BRIEF: Reproduce the listing word for word. Skip any image.

MATERIAL SHOWN section start

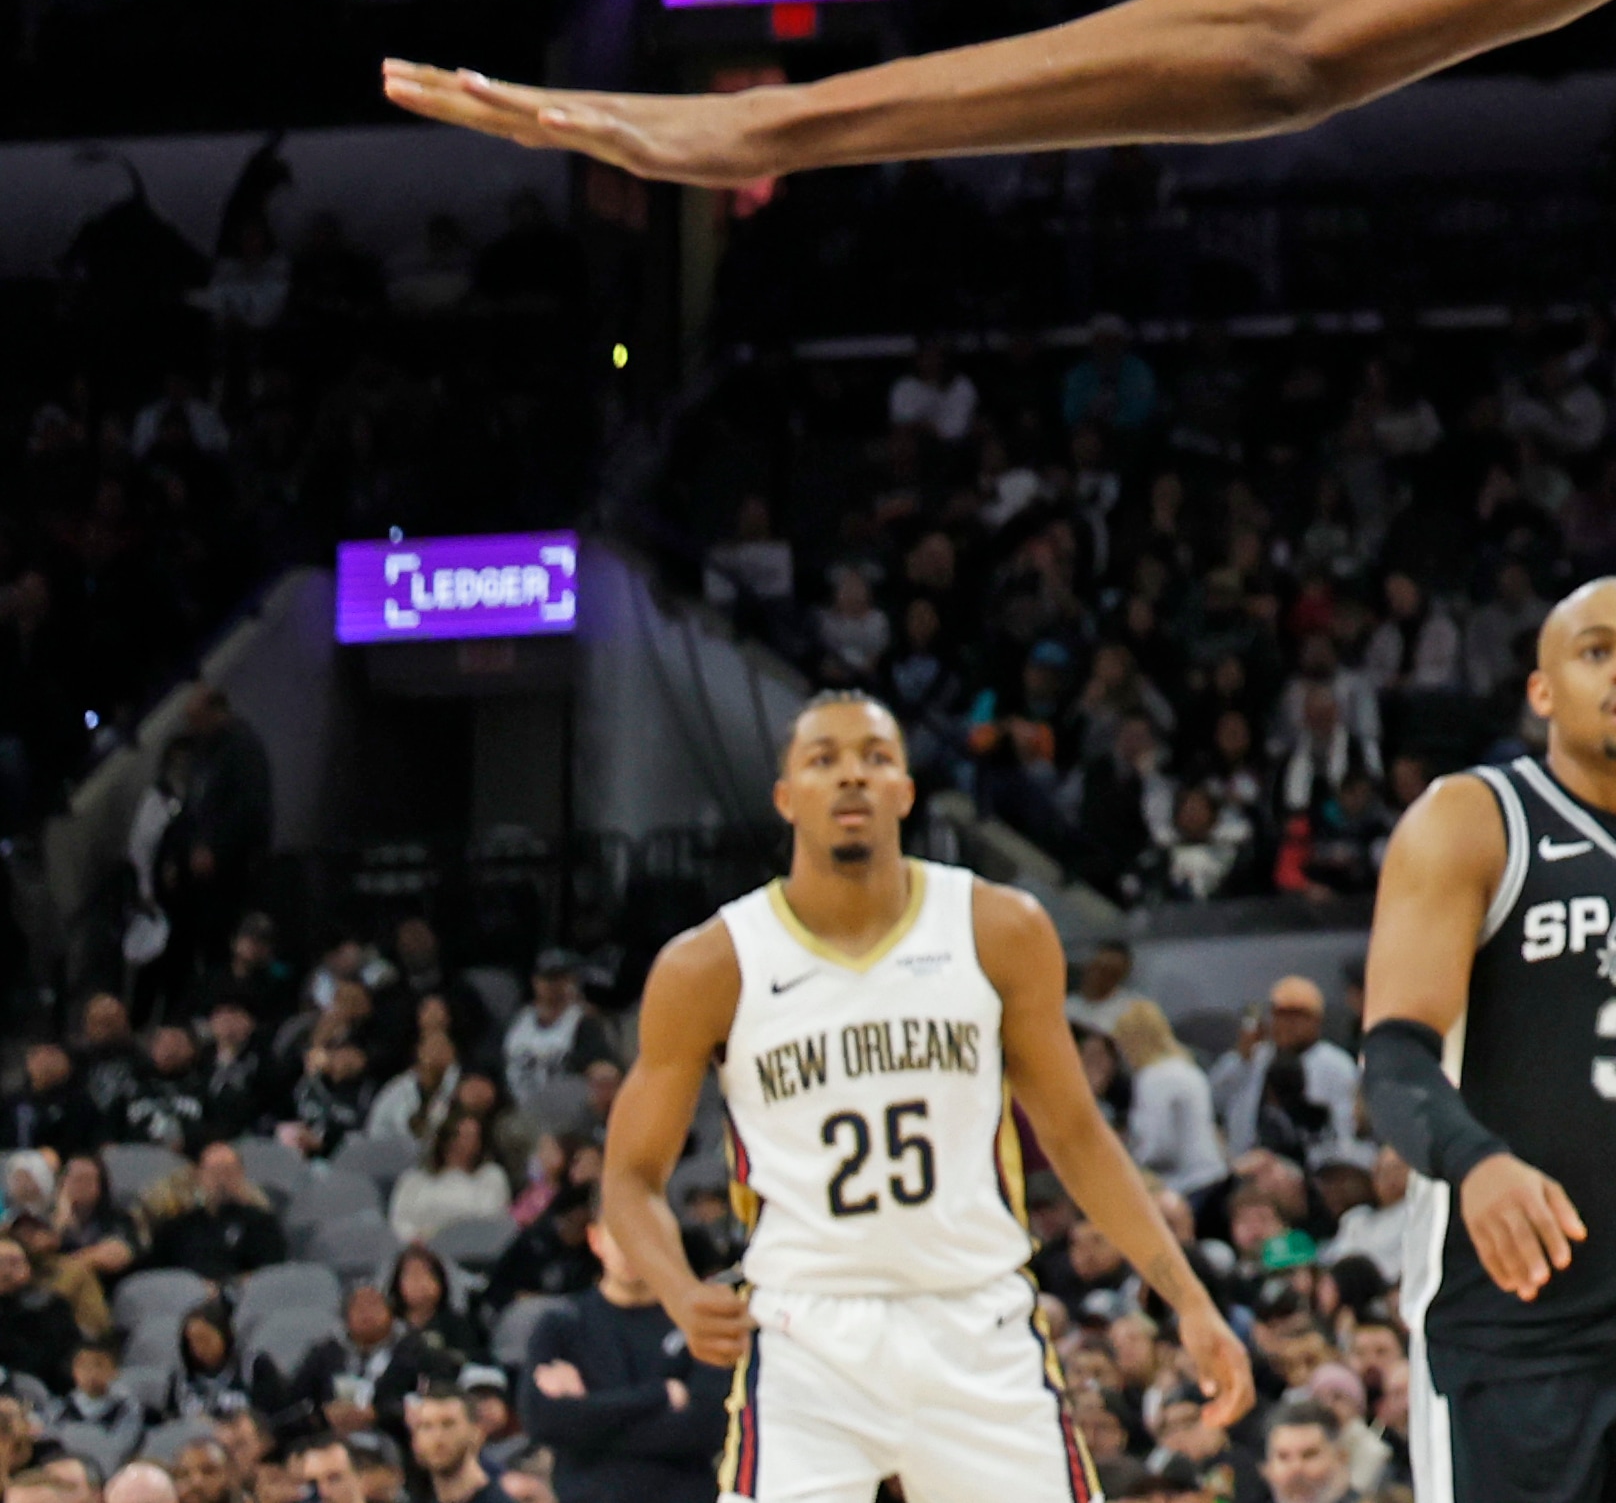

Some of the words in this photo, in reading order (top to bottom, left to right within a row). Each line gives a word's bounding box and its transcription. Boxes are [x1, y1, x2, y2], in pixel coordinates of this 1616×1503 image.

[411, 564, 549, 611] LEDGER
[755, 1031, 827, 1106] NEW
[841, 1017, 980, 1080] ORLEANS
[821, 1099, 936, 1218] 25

MATERIAL SHOWN section end

ANSWER:
Some of the words in this photo, in reading order (top to bottom, left to right within a row). Each line gives a word's bounding box and its transcription. Boxes are [x1, y1, x2, y2], in pixel coordinates of this 1616×1503 image.

[411, 564, 549, 611] LEDGER
[755, 1031, 827, 1106] NEW
[841, 1017, 980, 1080] ORLEANS
[821, 1099, 936, 1218] 25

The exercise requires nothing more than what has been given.